REQUIREMENT ▸
Before returning the data, strip out the pictures and keep everything else exactly the same.

BEGIN

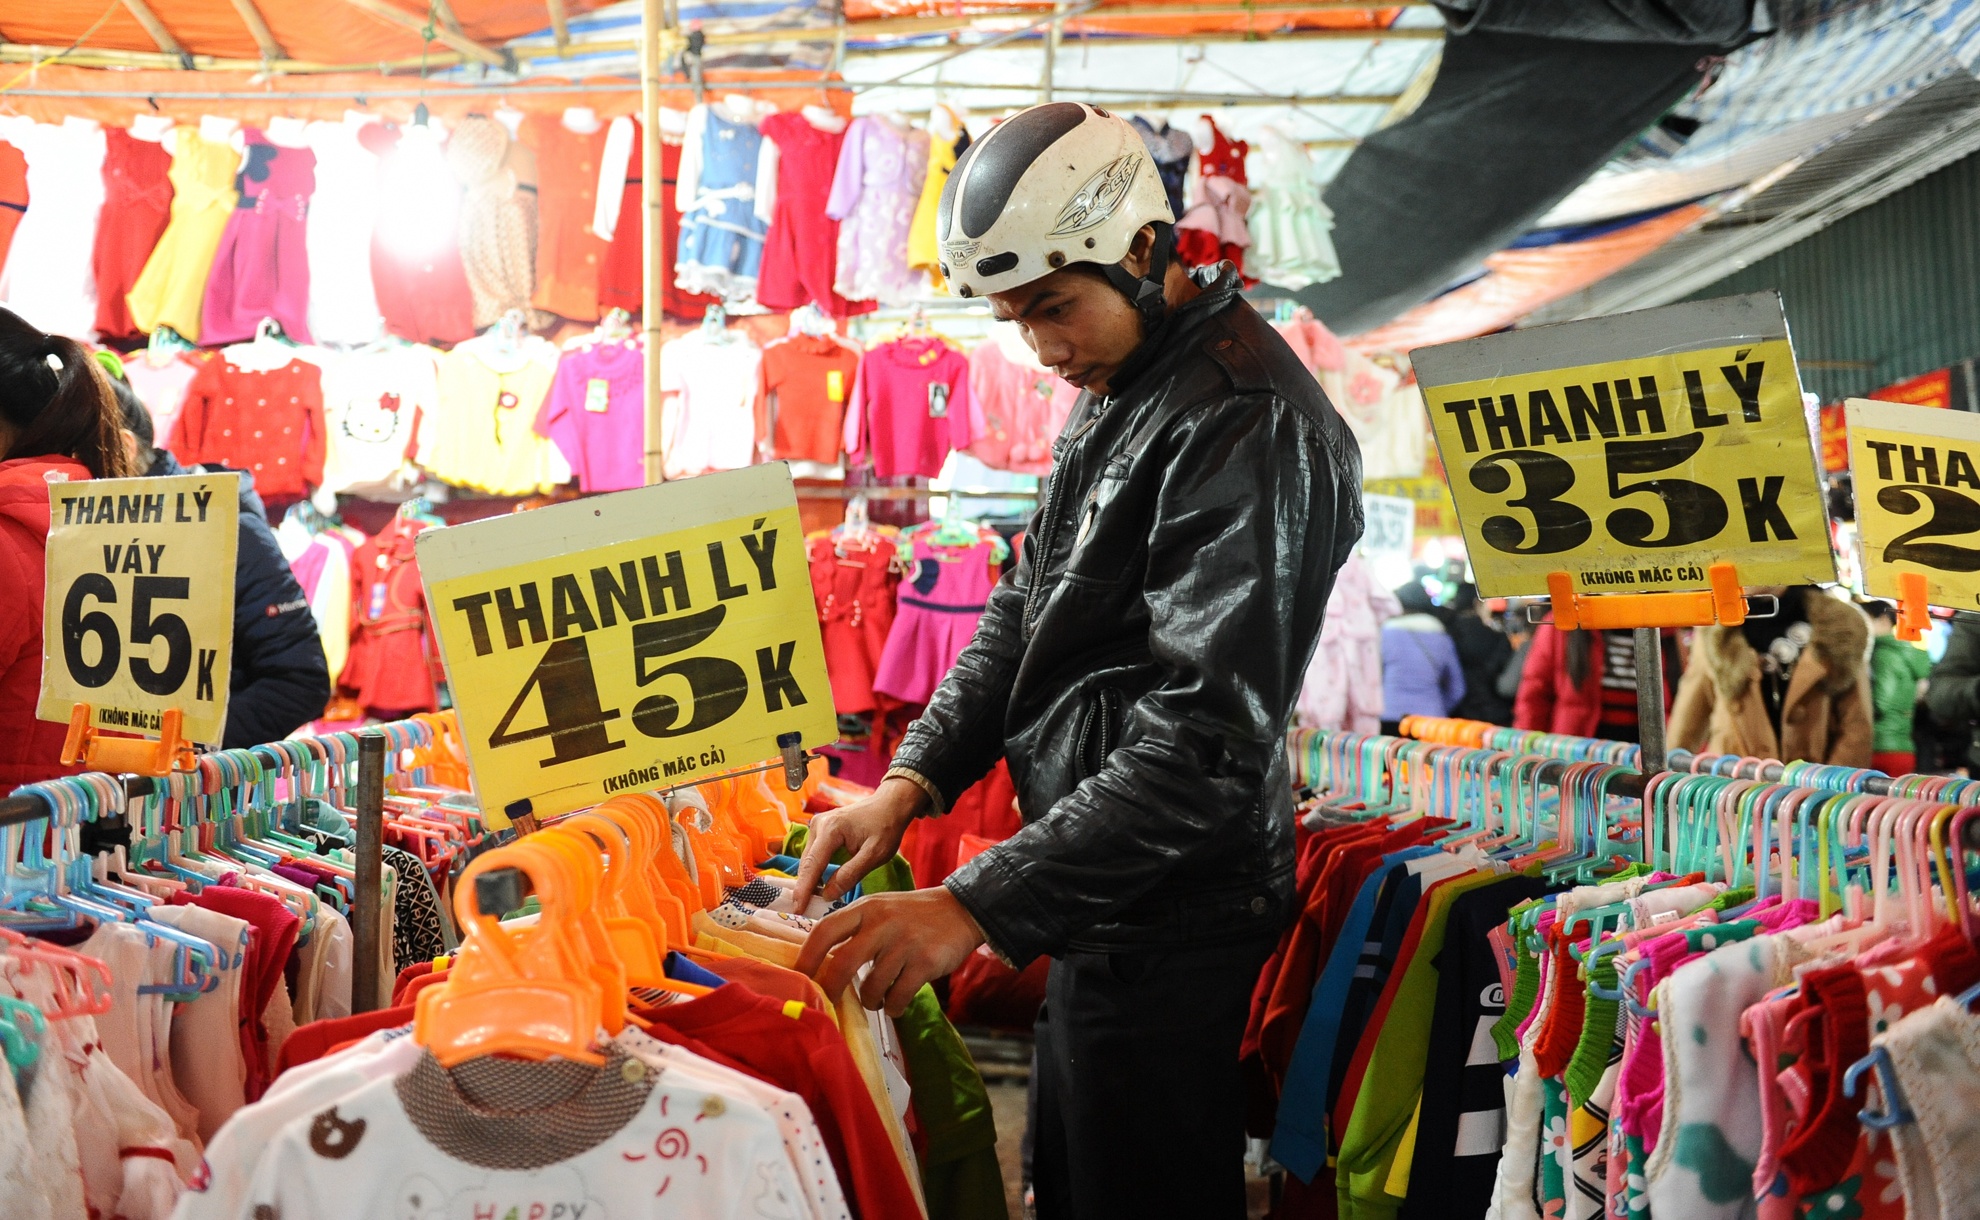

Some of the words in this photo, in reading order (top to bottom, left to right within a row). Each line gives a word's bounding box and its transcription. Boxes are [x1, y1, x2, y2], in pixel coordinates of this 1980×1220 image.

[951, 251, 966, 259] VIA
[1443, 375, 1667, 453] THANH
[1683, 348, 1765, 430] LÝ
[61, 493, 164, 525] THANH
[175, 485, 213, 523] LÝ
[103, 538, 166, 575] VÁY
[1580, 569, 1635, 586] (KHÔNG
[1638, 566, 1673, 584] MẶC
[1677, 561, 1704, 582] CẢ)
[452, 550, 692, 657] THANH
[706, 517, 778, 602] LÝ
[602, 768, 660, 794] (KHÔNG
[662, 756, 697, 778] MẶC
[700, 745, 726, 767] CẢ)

END

RESULT ▸
Some of the words in this photo, in reading order (top to bottom, left to right within a row). Each line gives a word's bounding box and its transcription. Boxes are [x1, y1, x2, y2], in pixel coordinates of this 1980×1220 image.

[951, 251, 966, 259] VIA
[1443, 375, 1667, 453] THANH
[1683, 348, 1765, 430] LÝ
[61, 493, 164, 525] THANH
[175, 485, 213, 523] LÝ
[103, 538, 166, 575] VÁY
[1580, 569, 1635, 586] (KHÔNG
[1638, 566, 1673, 584] MẶC
[1677, 561, 1704, 582] CẢ)
[452, 550, 692, 657] THANH
[706, 517, 778, 602] LÝ
[602, 768, 660, 794] (KHÔNG
[662, 756, 697, 778] MẶC
[700, 745, 726, 767] CẢ)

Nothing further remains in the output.